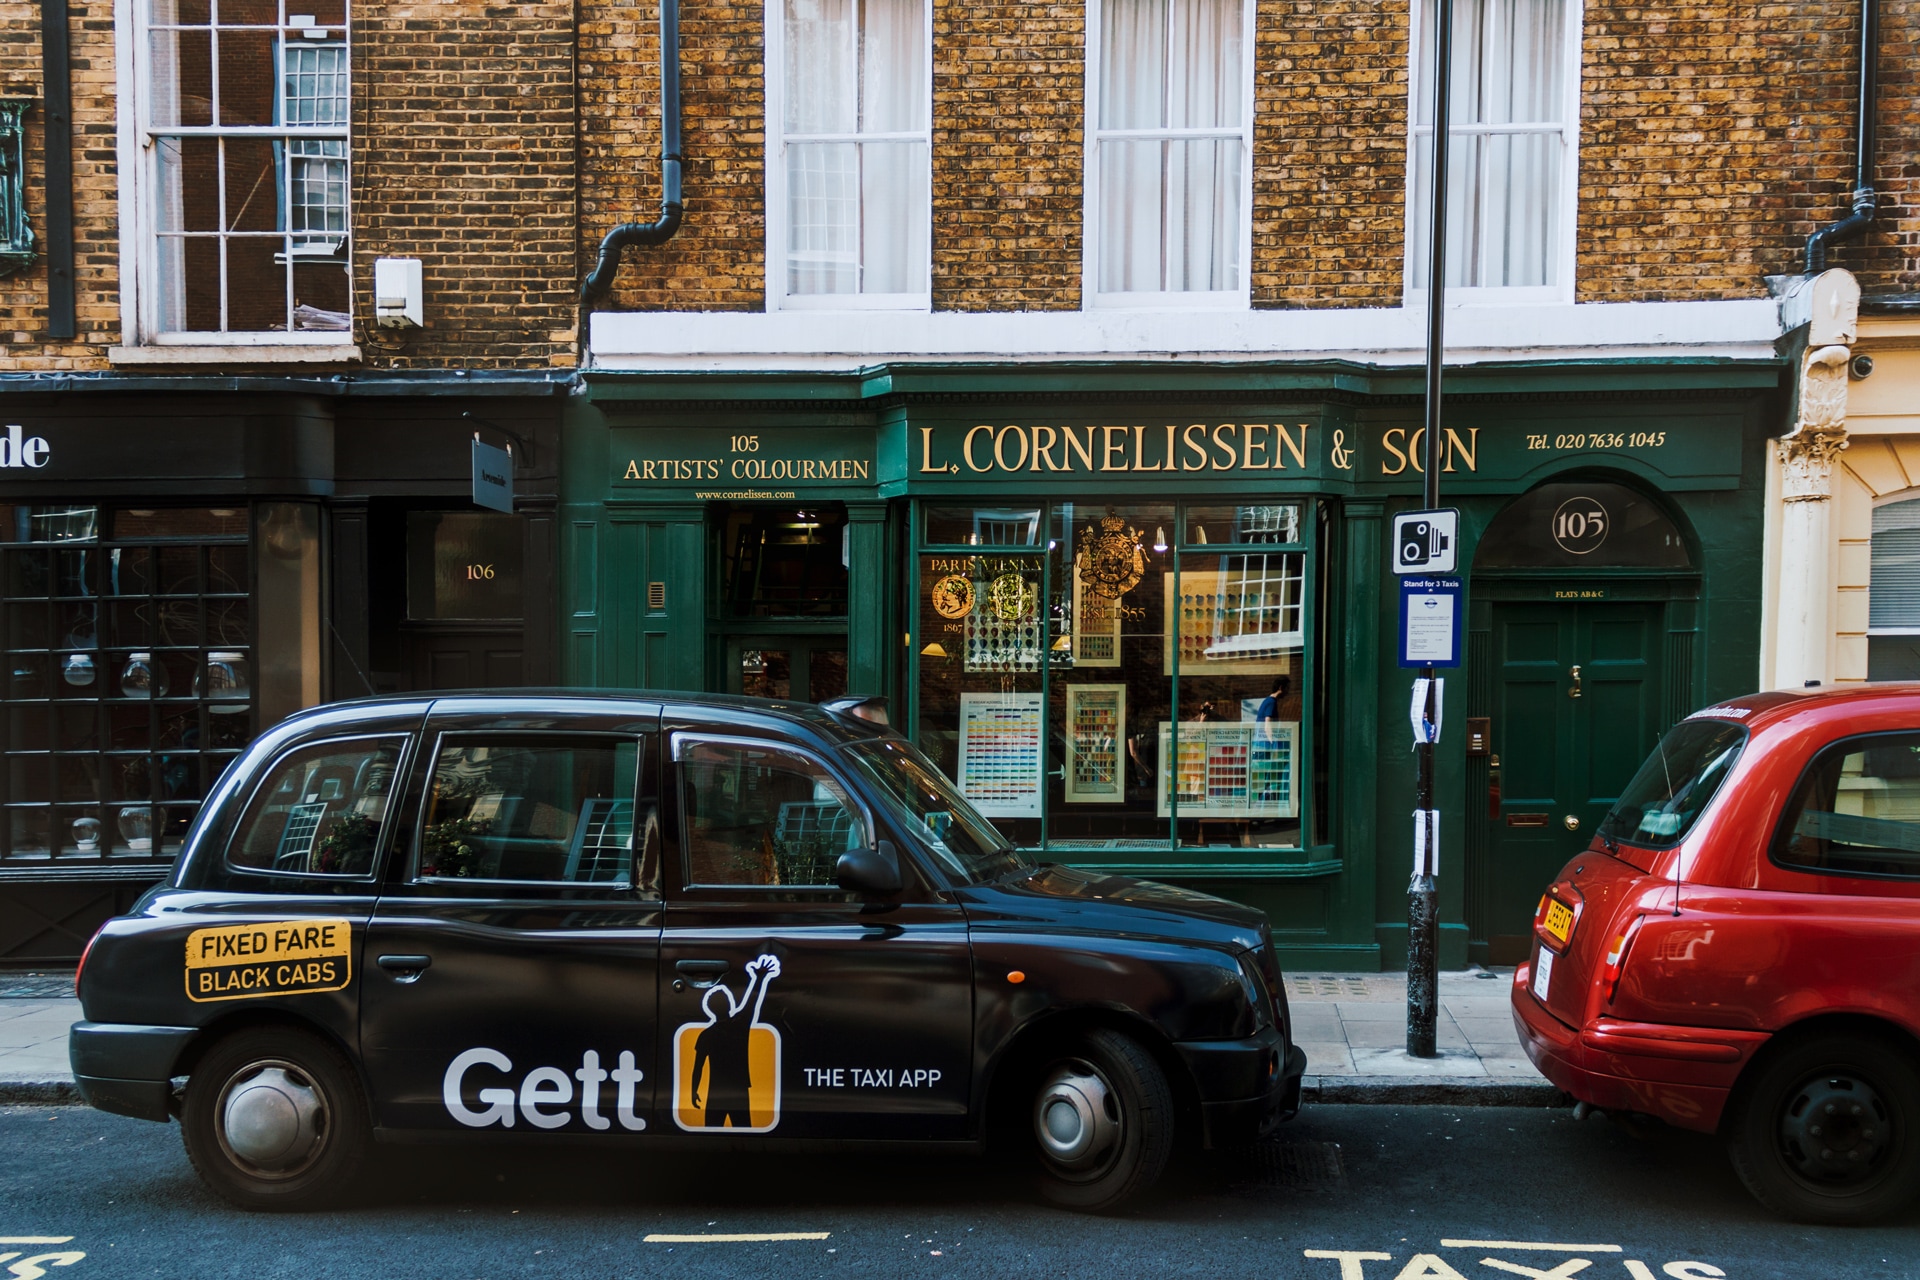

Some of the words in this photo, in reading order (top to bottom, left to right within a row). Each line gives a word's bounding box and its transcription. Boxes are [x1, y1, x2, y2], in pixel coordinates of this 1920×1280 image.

[730, 435, 760, 452] 105
[1331, 429, 1355, 470] &
[1526, 434, 1551, 450] Tel.
[1555, 433, 1586, 449] 020
[1588, 432, 1624, 448] 7636
[1628, 431, 1667, 447] 1045
[623, 458, 725, 480] ARTISTS'
[731, 459, 870, 480] COLOURMEN
[695, 488, 796, 500] www.cornelissen.com
[1557, 511, 1604, 538] 105
[466, 563, 495, 580] 106
[931, 559, 976, 571] PARIS
[1403, 580, 1424, 588] Stand
[1425, 580, 1435, 588] for
[1435, 580, 1441, 588] 3
[1442, 580, 1459, 588] Taxis
[1555, 590, 1579, 599] FLATS
[943, 623, 963, 634] 1867
[201, 931, 268, 959] FIXED
[274, 925, 336, 952] FARE
[199, 966, 271, 993] BLACK
[276, 961, 336, 986] CABS
[803, 1068, 845, 1087] THE
[850, 1068, 893, 1088] TAXI
[898, 1069, 942, 1088] APP
[442, 1047, 648, 1132] Gett
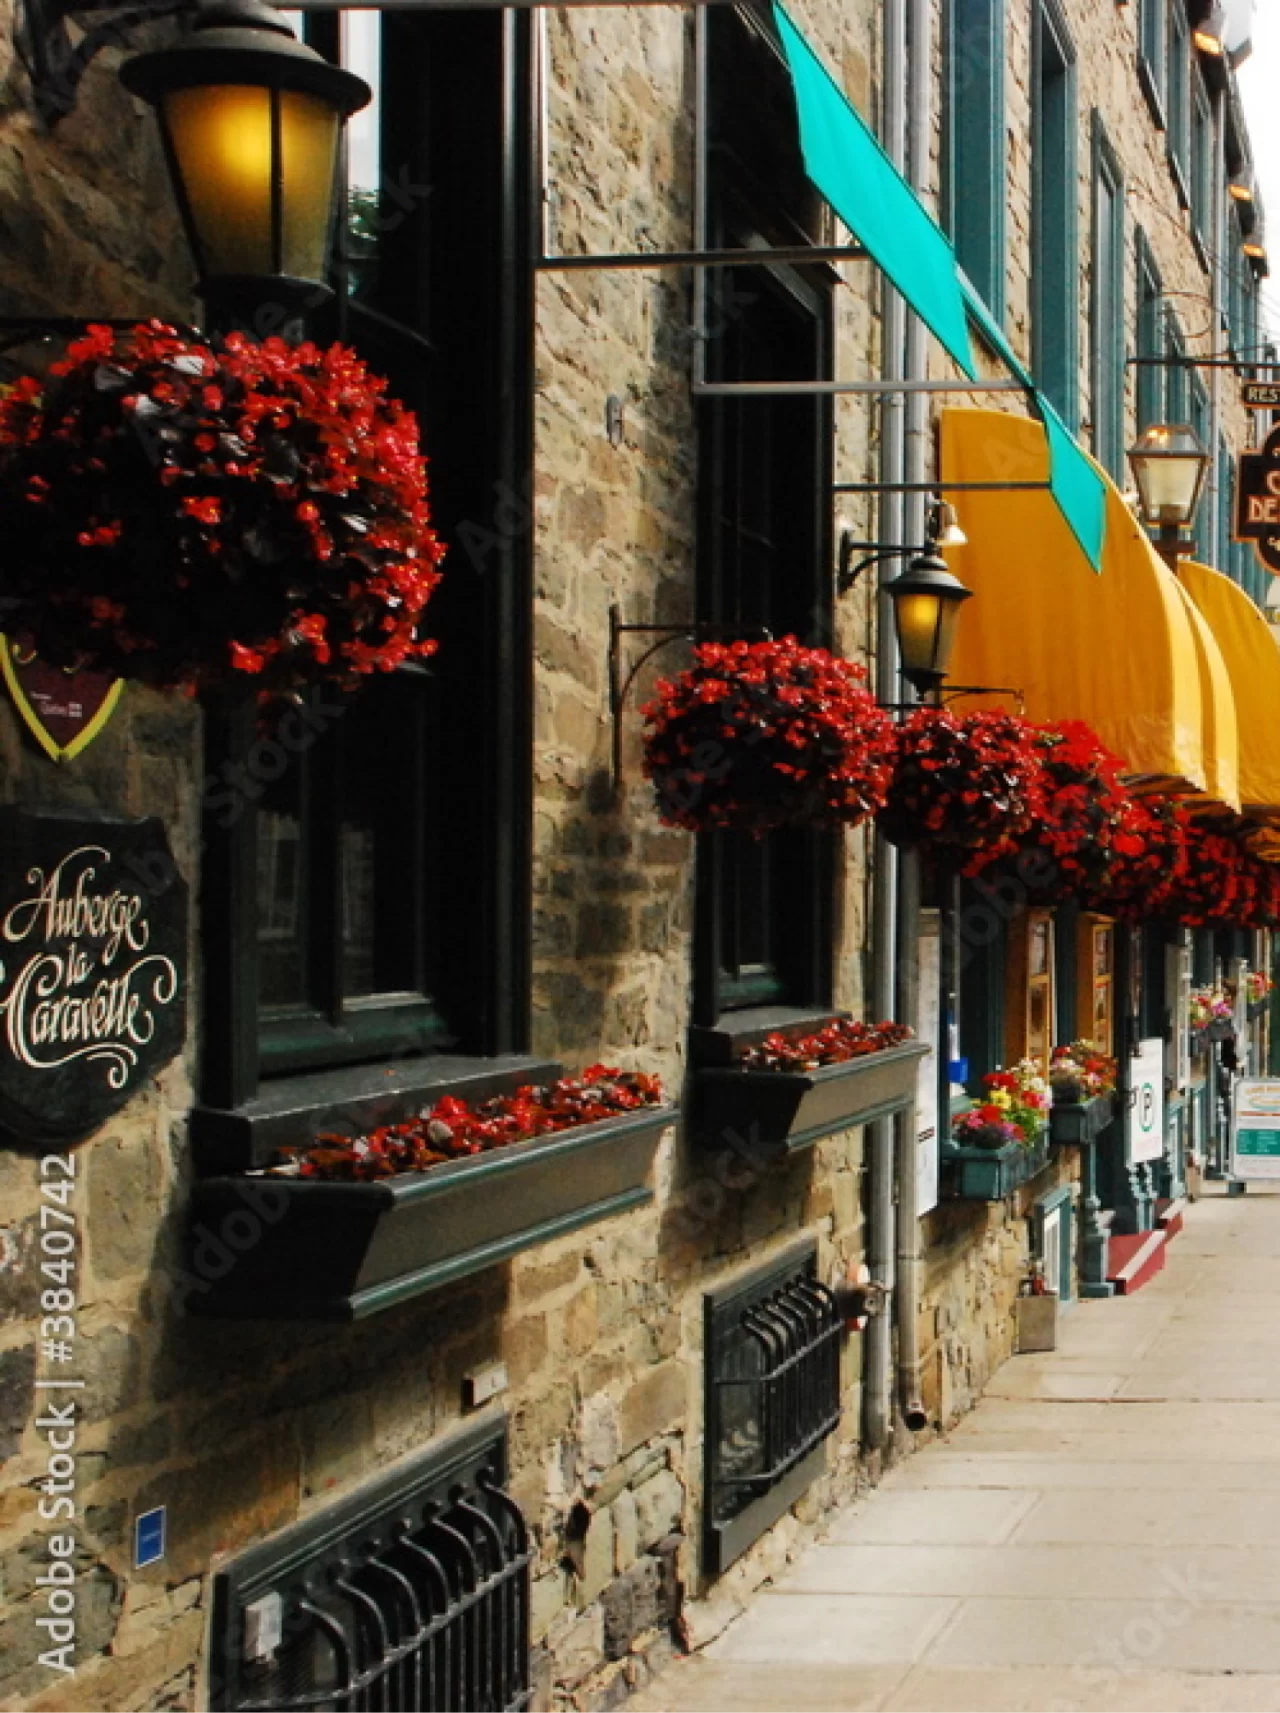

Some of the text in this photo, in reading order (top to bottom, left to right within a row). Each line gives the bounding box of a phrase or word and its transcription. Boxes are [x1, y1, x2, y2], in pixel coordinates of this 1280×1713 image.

[1249, 499, 1278, 524] DE
[3, 845, 150, 966] Auberge
[65, 942, 95, 987] la
[7, 952, 178, 1089] Caravelle

========================

Instructions to follow>
Leave the pictures out and return the rest of the listing exactly.

Exercise solution>
Some of the words in this photo, in reading order (top to bottom, left to right within a row). Each line gives a word's bounding box and its transcription. Boxes are [x1, y1, x2, y2], in pixel coordinates of this 1920×1280 image.

[730, 435, 760, 452] 105
[1331, 429, 1355, 470] &
[1526, 434, 1551, 450] Tel.
[1555, 433, 1586, 449] 020
[1588, 432, 1624, 448] 7636
[1628, 431, 1667, 447] 1045
[623, 458, 725, 480] ARTISTS'
[731, 459, 870, 480] COLOURMEN
[695, 488, 796, 500] www.cornelissen.com
[1557, 511, 1604, 538] 105
[466, 563, 495, 580] 106
[931, 559, 976, 571] PARIS
[1403, 580, 1424, 588] Stand
[1425, 580, 1435, 588] for
[1435, 580, 1441, 588] 3
[1442, 580, 1459, 588] Taxis
[1555, 590, 1579, 599] FLATS
[943, 623, 963, 634] 1867
[201, 931, 268, 959] FIXED
[274, 925, 336, 952] FARE
[199, 966, 271, 993] BLACK
[276, 961, 336, 986] CABS
[803, 1068, 845, 1087] THE
[850, 1068, 893, 1088] TAXI
[898, 1069, 942, 1088] APP
[442, 1047, 648, 1132] Gett

Some of the text in this photo, in reading order (top to bottom, left to right within a row). Each line gives the bounding box of a phrase or word and its transcription. Boxes are [x1, y1, x2, y2], in pixel coordinates of this 1280×1713 image.

[1249, 499, 1278, 524] DE
[3, 845, 150, 966] Auberge
[65, 942, 95, 987] la
[7, 952, 178, 1089] Caravelle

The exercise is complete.